Da Redação
A decisão do ministro Alexandre de Moraes, do Supremo Tribunal Federal (STF), de decretar prisão preventiva de Jair Bolsonaro gerou forte reação entre lideranças políticas mato-grossenses. Desde sábado (22), aliados do ex-presidente criticam a medida em redes sociais e notas públicas. Bolsonaro permanece em cela da Polícia Federal em Brasília após conversão de prisão domiciliar.

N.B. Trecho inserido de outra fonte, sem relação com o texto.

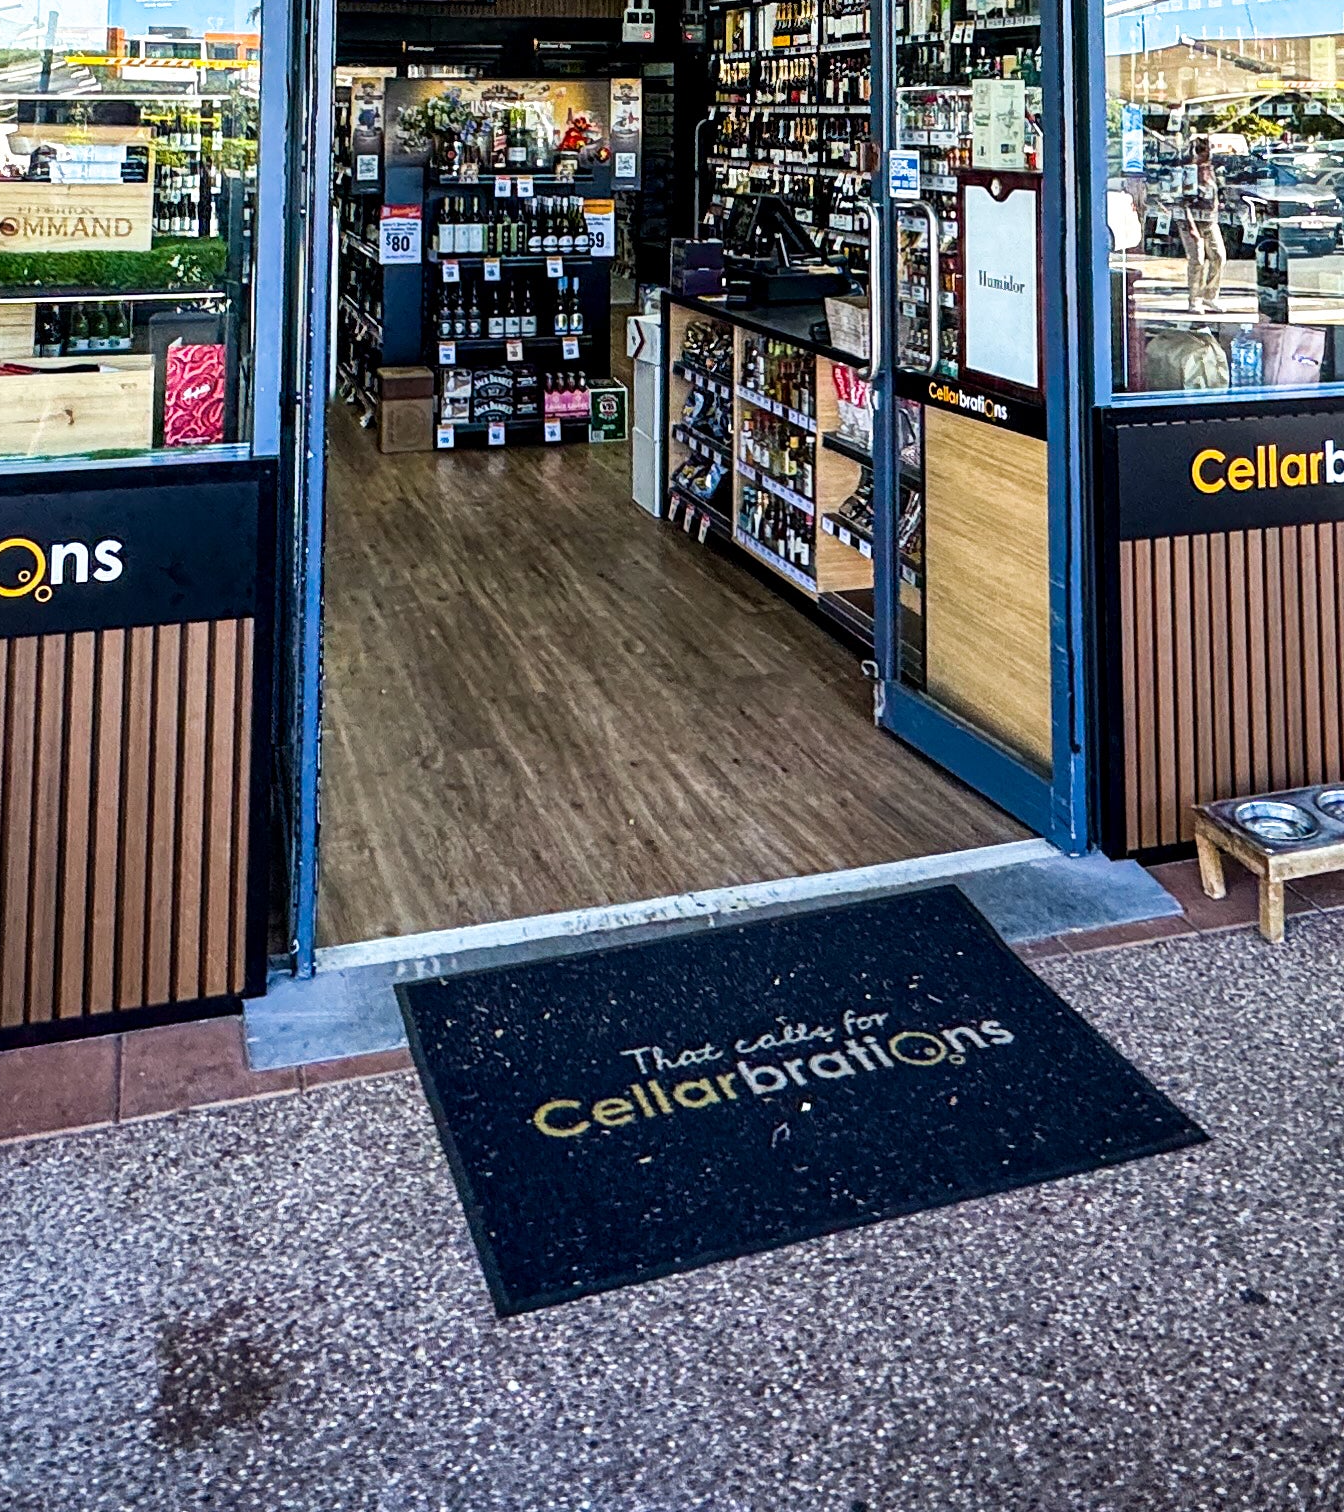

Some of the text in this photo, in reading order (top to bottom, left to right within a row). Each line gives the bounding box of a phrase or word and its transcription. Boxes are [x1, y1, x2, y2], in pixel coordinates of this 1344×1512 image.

[386, 232, 410, 252] $80
[978, 269, 1026, 294] Humidor
[620, 1044, 724, 1075] That
[843, 1009, 890, 1036] for

Mauro Mendes classifica como prisão injusta
O governador Mauro Mendes (União Brasil) classificou a prisão como “injusta”. Ele afirmou que “não há mal que dure para sempre” e manifestou solidariedade ao ex-presidente e sua família. Para Mendes, o episódio agrava tensão política no país.
Vice-governador vê ferida aberta na alma nacional
O vice-governador Otaviano Pivetta (Republicanos) também criticou a decisão, afirmando “não há justificativa para medidas desproporcionais”. Ele escreveu: “Estamos diante de uma ferida aberta na alma do país”. Pivetta destacou condição frágil de saúde do ex-presidente.
Wellington Fagundes alerta para impactos nas instituições
O senador Wellington Fagundes (PL) afirmou sentir “total solidariedade” ao ex-presidente e avaliou que o caso preocupa milhões de brasileiros. Ele defendeu devido processo legal, liberdades individuais e manifestação política sem perseguição. Para Fagundes, Brasil precisa de serenidade e respeito às garantias constitucionais.
José Medeiros denuncia fim do direito e pede anistia
O deputado federal José Medeiros (PL) fez críticas duras a Moraes, afirmando manutenção de “script de condenação baseada em ato golpista que nunca ocorreu”. Ele declarou: “Alexandre manda prender Bolsonaro por tentativa de fuga que nunca ocorreu”. Medeiros defendeu “anistia já, ampla, geral e irrestrita”.
Coronel Fernanda vê abuso e motivação política
A deputada federal coronel Fernanda (PL), coordenadora da bancada mato-grossense no Congresso, afirmou que prisão preventiva é “abuso que fere lógica jurídica”. Ela denunciou que conversão ocorreu sábado com Congresso parado, evidenciando motivação política. Coronel Fernanda concluiu com “Bolsonaro livre”.
Prefeitos de Mato Grosso manifestam solidariedade
O prefeito de Rondonópolis Claudio Ferreira (PL) classificou o dia como “terrível” e escreveu: “Ver qualquer pessoa padecendo injustamente machuca”. A prefeita de Várzea Grande Flávia Moretti (MDB) relacionou episódio a contexto político amplo. O prefeito de Cuiabá Abilio Brunini (PL) fez várias postagens defendendo ex-presidente.
Perguntas frequentes sobre reações em Mato Grosso
Quem criticou a decisão em Mato Grosso? Governador Mauro Mendes, vice-governador Otaviano Pivetta, senador Wellington Fagundes, deputados José Medeiros e coronel Fernanda, além de prefeitos Claudio Ferreira, Flávia Moretti e Abilio Brunini.
O que motivou a prisão preventiva? Investigação aponta tentativa de violar tornozeleira eletrônica, interpretada como possível tentativa de fuga, levando à conversão da prisão domiciliar em preventiva.
Qual argumento principal contra a decisão? Lideranças falam em medida desproporcional, abuso, motivação política e risco de aumento de tensão, defendendo segurança jurídica e garantias constitucionais.